The latest news from The Hyve on Open Source solutions for bioinformatics

Recent Posts

The importance of a FAIR Data Strategy in enhancing the Data Value Lifecycle

August 24, 2020 | By Sukhi Singh

Every business process generates data which is used for decision making and to develop strategic plans. So you could say data guides business decisions. A sound and well built data strategy helps to ensure that data is indeed driving the right decisions. Without a data strategy and governance plan, information gets lost, data access is impeded and companies are unable to leverage the full potential of their data. This can also be a very costly affair in the long run as without appropriate data access and governance, data can be misused and exploited by the management officials and employees alike to match their hypothesis and decisions. This could create a trustless and incoherent environment – in a worst case scenario – little or no visibility of department data at the executive level.

A data strategy is essential for defining the scope and objectives of the data management scheme within an enterprise. Data strategy includes a set of decisions that formulate a high-level framework which facilitates maximum value extraction from the data. It helps in guiding data, from defining an initial need to utilizing them for the required impact. Core to an enterprise-level data strategy is the elimination of data silos (unilateral access and authority on stored and unconnected data), data redundancies and other bottlenecks which hamper the desired data flow within the company. Other important aspects of data strategy are a structured data governance program, data sharing with lineage tracking and provenance frameworks supported by accepted metadata models and standards (embedded within Data Catalogs), along with a data management scheme that respects the FAIR Guiding Principles. These principles facilitate knowledge discovery by making data Findable, Accessible, Interoperable, and Reusable – thus assisting humans and machines in their discovery, access, integration and analysis.

The journey of data through an enterprise is also labelled as the data lifecycle or, at The Hyve, we refer to it as the data value lifecycle. When we assess the data lifecycle of a client, our core aim is to create maximum value extraction from the data assets as it progresses a sequence of stages, from an initial need for and creation of the data to its eventual deletion or archival at the end of its useful life.

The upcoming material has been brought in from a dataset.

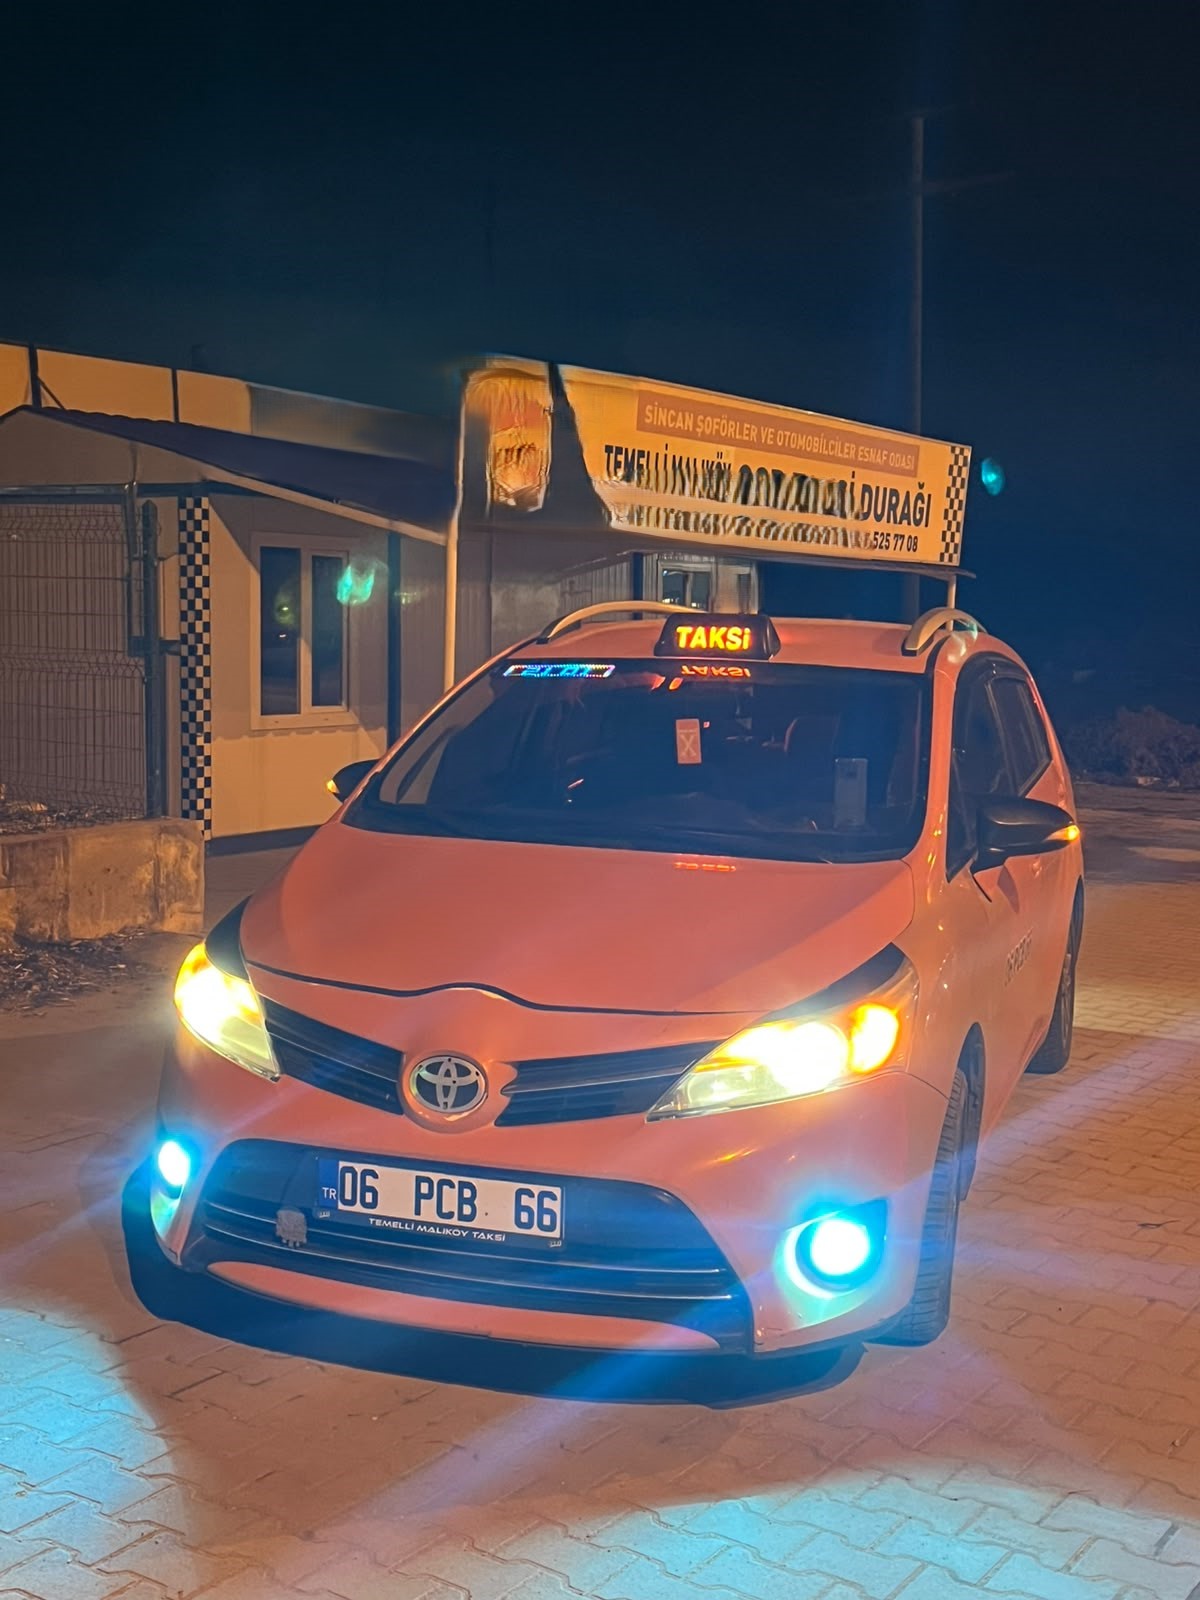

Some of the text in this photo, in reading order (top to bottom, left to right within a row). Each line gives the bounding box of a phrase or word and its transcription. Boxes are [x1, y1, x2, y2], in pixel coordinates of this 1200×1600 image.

I have defined a higher-level modular visual framework for the data value lifecycle assessment that will provide a holistic view on the corporate data environment, existing software, data, files and processes. This framework reveals at a glance what is required and what is missing for the data to travel through the different departments while serving the needs of different sets of users and systems. Any missing module of the framework within your corporate data environment implies data is not being utilized to its full potential and capacity, resulting in loss of resources (time, money and efforts).

This framework is divided into six modules:

 

 

1. Siloed Data

Ground zero of any digital transformation program, siloed data, refers to when data is generated for a specific purpose in mind, no re-usability is planned or in scope, data resides in isolated hard drives and has no or inadequate metadata. In most cases, siloed data has unilateral access and authority thus can be easily abused and has a particularly short life. Commonly, siloed data is shared on USB drives, cloud/network drives (NAS), share points and/or even emails. It has no or very low potential for shareability and reusability in most cases. Machines cannot self-utilize this data because of the lack of (sufficient) metadata thus AI (artificial intelligence) programs typically fail to include and process this information. Well known examples of silos are departments within hospitals and academic institutions, plant, animal and nutrition industry as well as many pharmaceutical companies. Roughly three quarters of data-generating departments are at this stage worldwide. Reasons for the existence and sustenance of data silos are structural (custom software operating on specific datasets), political (proprietorship among data owners), cultural (lack of knowledge and unwillingness to change) and bureaucratic (vendor lock-in).

 

2. Data inventory

To move data out of silos, the first step is inventorizing the in-company applications which generate, operate, consume, process, store and archive data. The next step is inventorizing the data itself. A good data catalog can simplify data discovery at scale and provides a foundation for a good data governance program. Choosing and populating a data catalog can be a challenge in itself though.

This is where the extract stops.